O g1 entrou em contato com o acusado para obter um posicionamento sobre o caso e, até a última atualização desta reportagem, não havia obtido resposta.
Já a Polícia Civil do Acre disse que 'não irá se manifestar sobre o caso por se tratar de uma questão de natureza pessoal do profissional'. Ainda conforme a assessoria de comunicação, a corregedoria-geral colaborou com a Justiça sempre que solicitada e prestou todas as informações necessárias durante o processo.
Sobre a terceira condenação, o juiz Robson Shelton Medeiros da Silva, da Vara Criminal de Epitaciolândia, também determinou o pagamento de indenização mínima de R$ 20 mil por danos morais à vítima e manteve as medidas protetivas de urgência em vigor.
Delegado Luis Tonini foi condenado por perseguir a ex-namorada
Anny Barbosa/g1/arquivo
A decisão também estabelece que a Corregedoria da Polícia Civil seja comunicada para eventual abertura de procedimento administrativo disciplinar. No processo, o juiz afirma que não encontrou elementos que justificassem a absolvição do acusado.

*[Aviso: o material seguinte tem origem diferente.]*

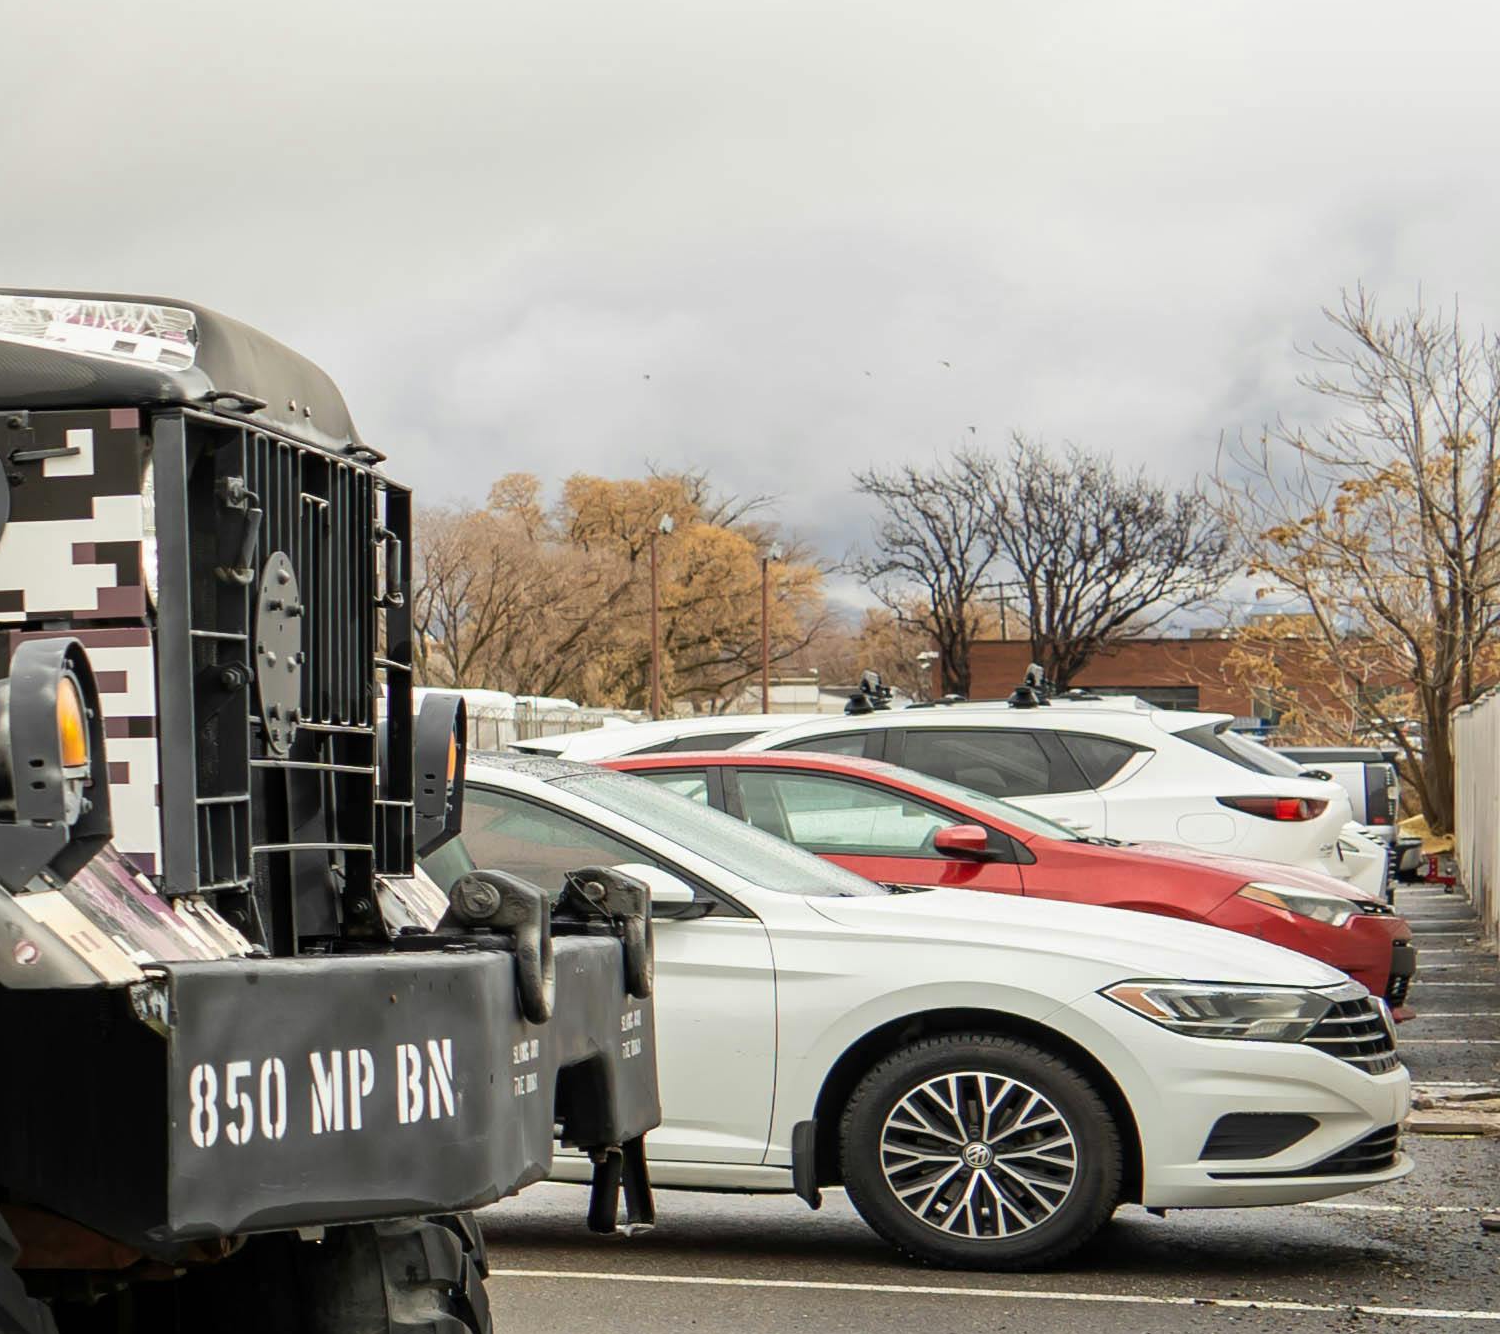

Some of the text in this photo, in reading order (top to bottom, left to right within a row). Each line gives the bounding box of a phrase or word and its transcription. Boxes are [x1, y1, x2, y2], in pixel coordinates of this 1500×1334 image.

[189, 1038, 455, 1148] 850 MP BN
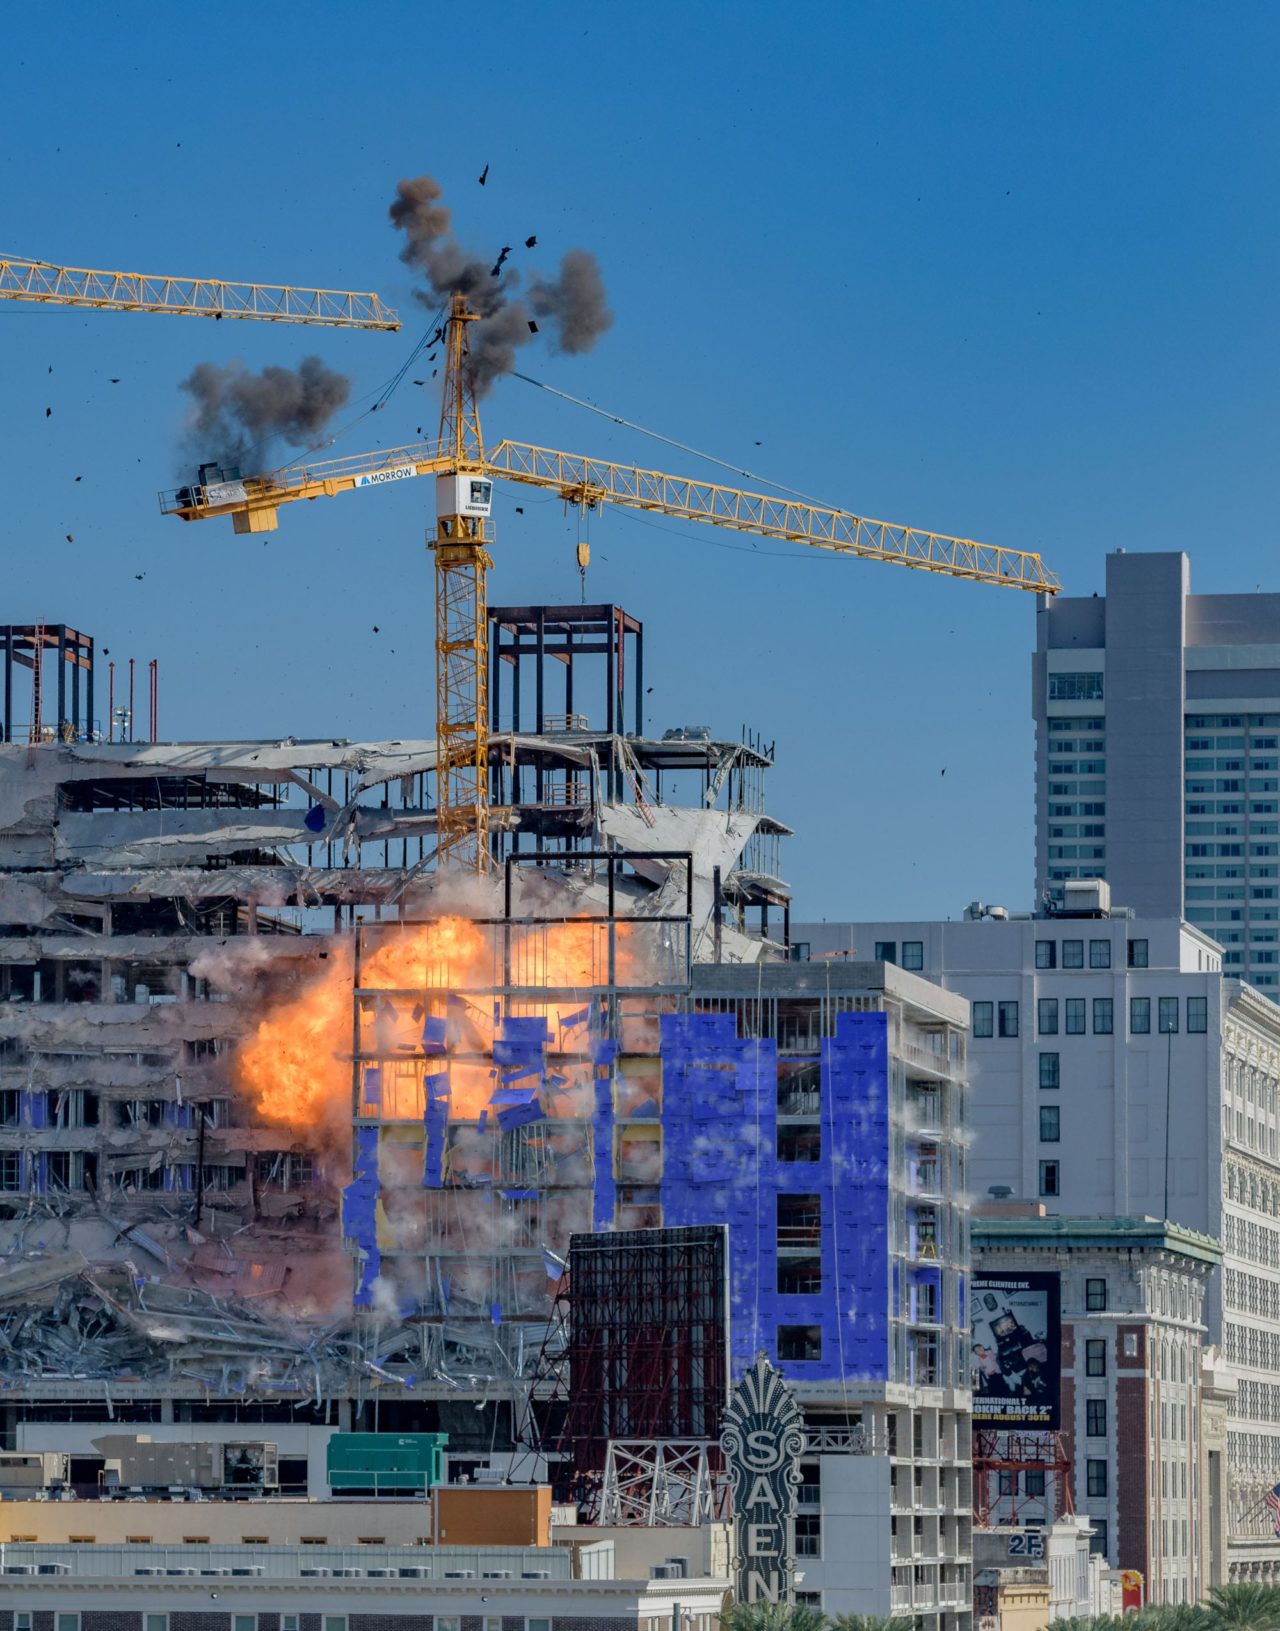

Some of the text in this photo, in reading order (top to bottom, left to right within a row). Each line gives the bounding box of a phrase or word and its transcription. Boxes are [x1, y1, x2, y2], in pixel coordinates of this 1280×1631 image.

[371, 467, 412, 483] MORROW
[1020, 1397, 1027, 1405] T
[1006, 1405, 1037, 1414] BACK

"[...] Não havendo causa excludente de antijuridicidade ou dirimente de culpabilidade, provadas a autoria e a materialidade, bem como presentes a tipicidade e a culpabilidade, e sem outras teses defensivas que mereçam acolhimento, a condenação do acusado passa a ser de rigor pela prática das condutas delituosas descritas nos artigos imputados na denúncia”, destaca parte do documento.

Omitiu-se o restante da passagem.